*The problem*.
Output only this range of the data below: the line that contains "Some of the text" through the final line, both ends included, each retyped exactly.

Supplied material below:

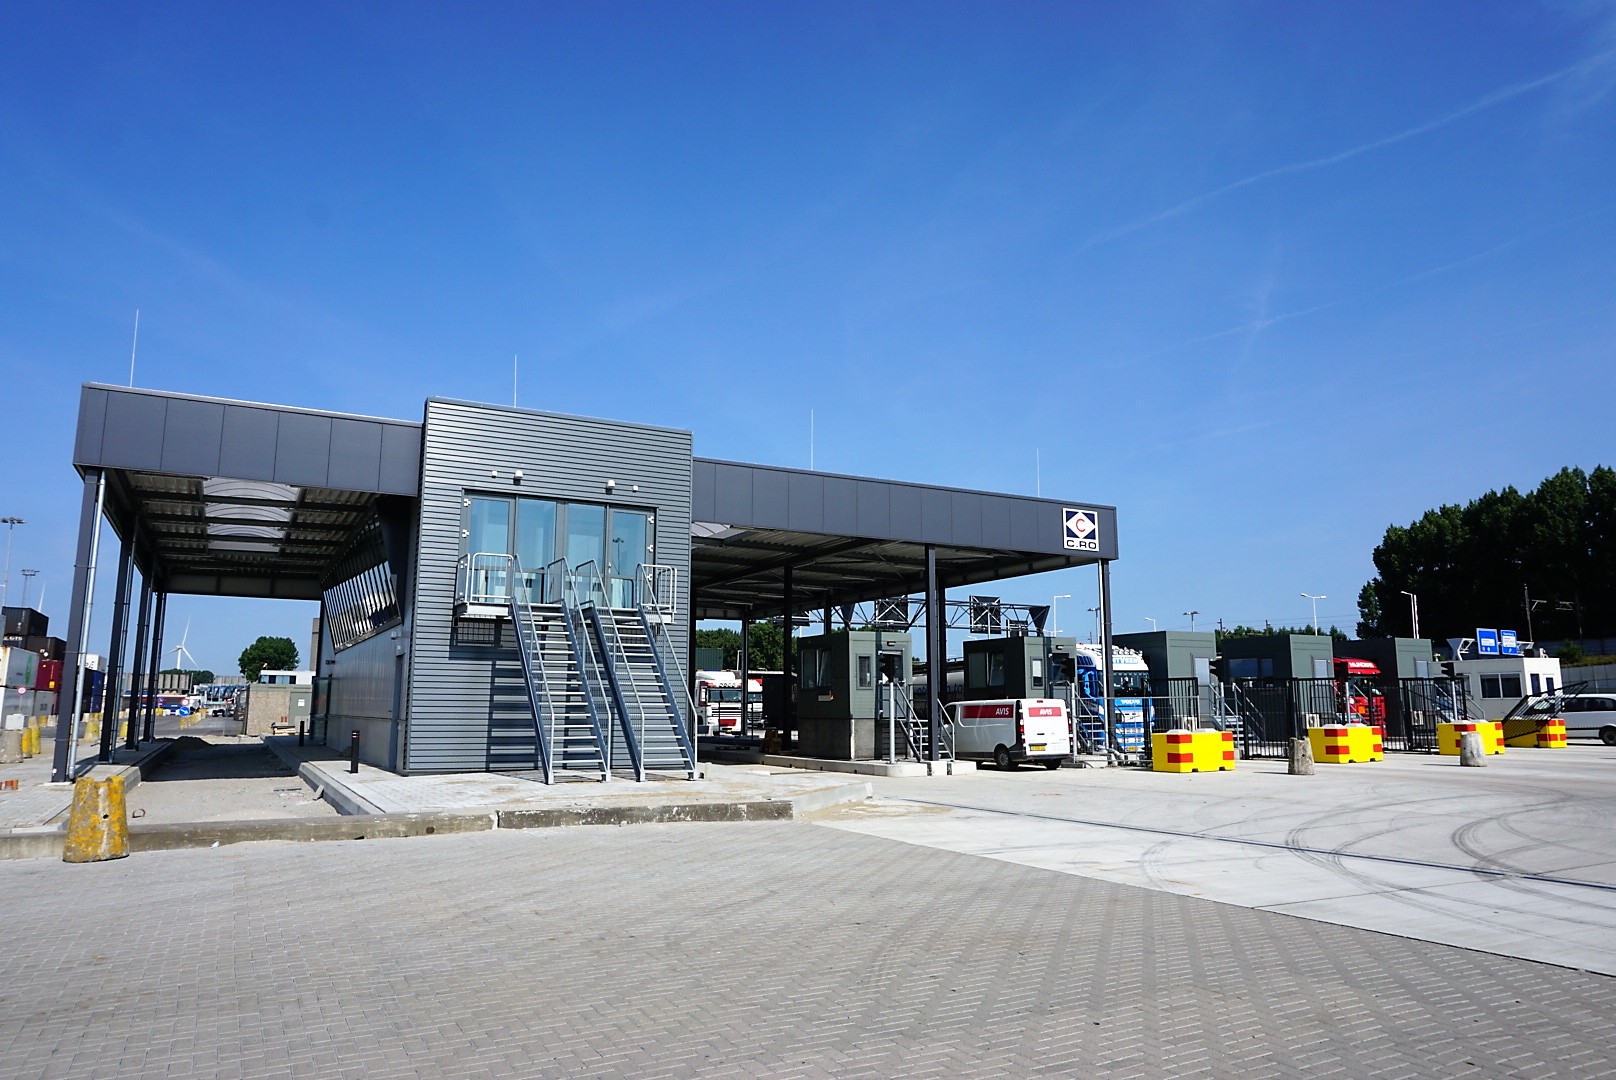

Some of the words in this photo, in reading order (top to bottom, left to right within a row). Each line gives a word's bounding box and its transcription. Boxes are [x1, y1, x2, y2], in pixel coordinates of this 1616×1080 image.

[1075, 518, 1086, 532] C
[1066, 539, 1097, 550] C.RO
[995, 707, 1009, 716] AVIS
[1039, 708, 1053, 716] AVIS
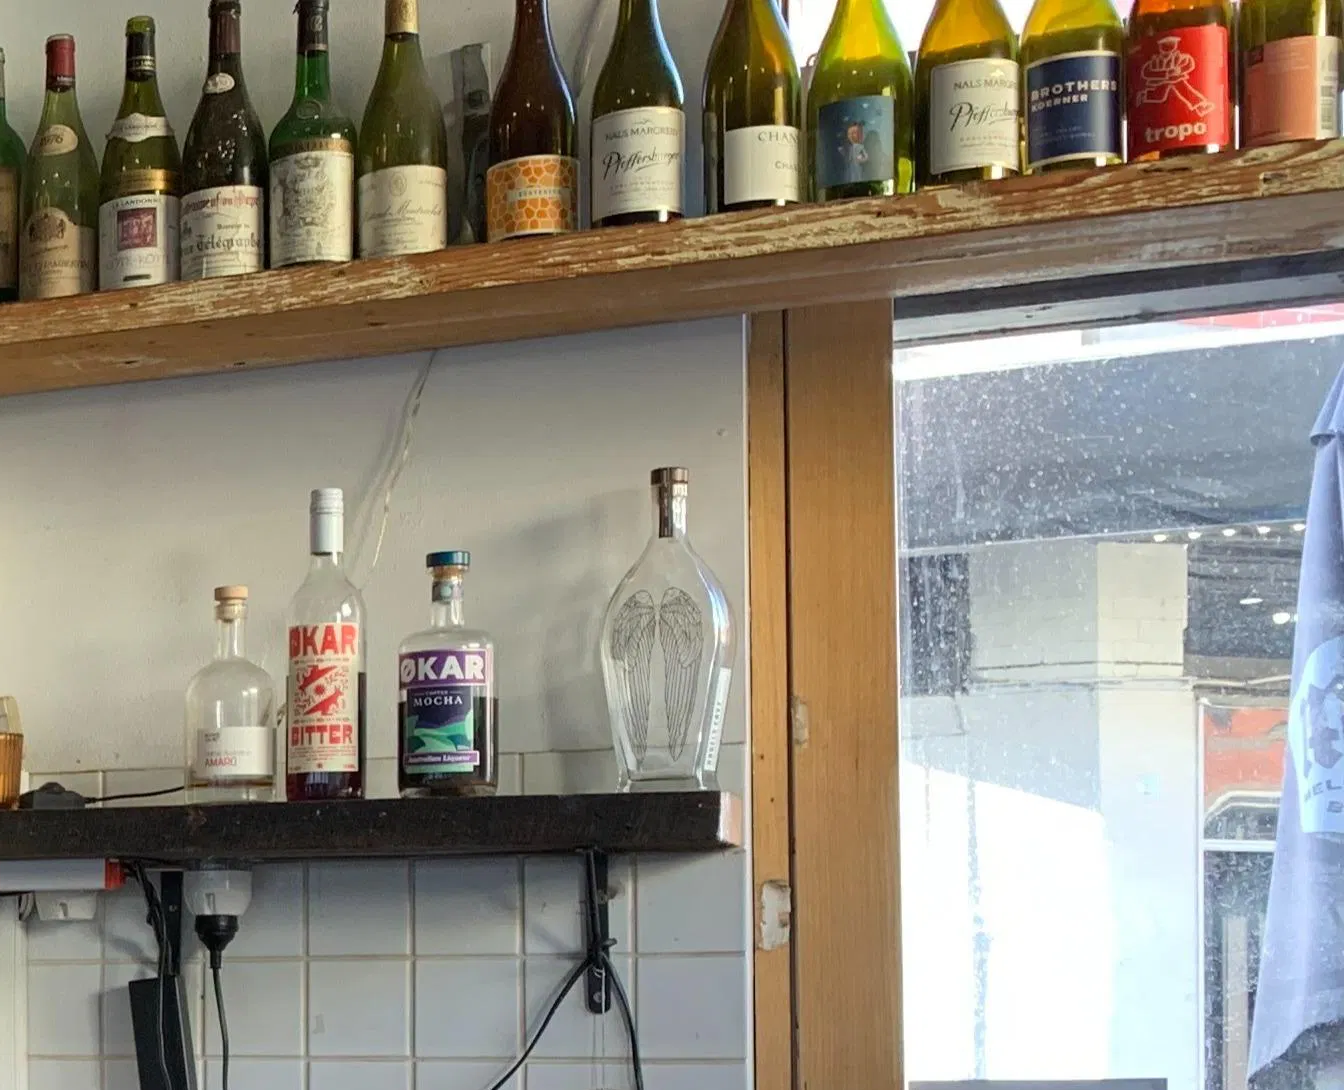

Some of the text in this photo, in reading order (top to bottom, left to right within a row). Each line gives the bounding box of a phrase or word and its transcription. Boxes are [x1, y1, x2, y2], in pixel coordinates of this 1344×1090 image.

[1031, 80, 1117, 101] BROTHERS
[1031, 94, 1088, 112] KOERNER
[1145, 122, 1207, 142] tropo
[413, 695, 463, 707] MOCHA
[290, 724, 354, 747] BITTER

End of Supplied material.

*Written solution*.
Some of the text in this photo, in reading order (top to bottom, left to right within a row). Each line gives the bounding box of a phrase or word and its transcription. Boxes are [x1, y1, x2, y2], in pixel coordinates of this 1344×1090 image.

[1031, 80, 1117, 101] BROTHERS
[1031, 94, 1088, 112] KOERNER
[1145, 122, 1207, 142] tropo
[413, 695, 463, 707] MOCHA
[290, 724, 354, 747] BITTER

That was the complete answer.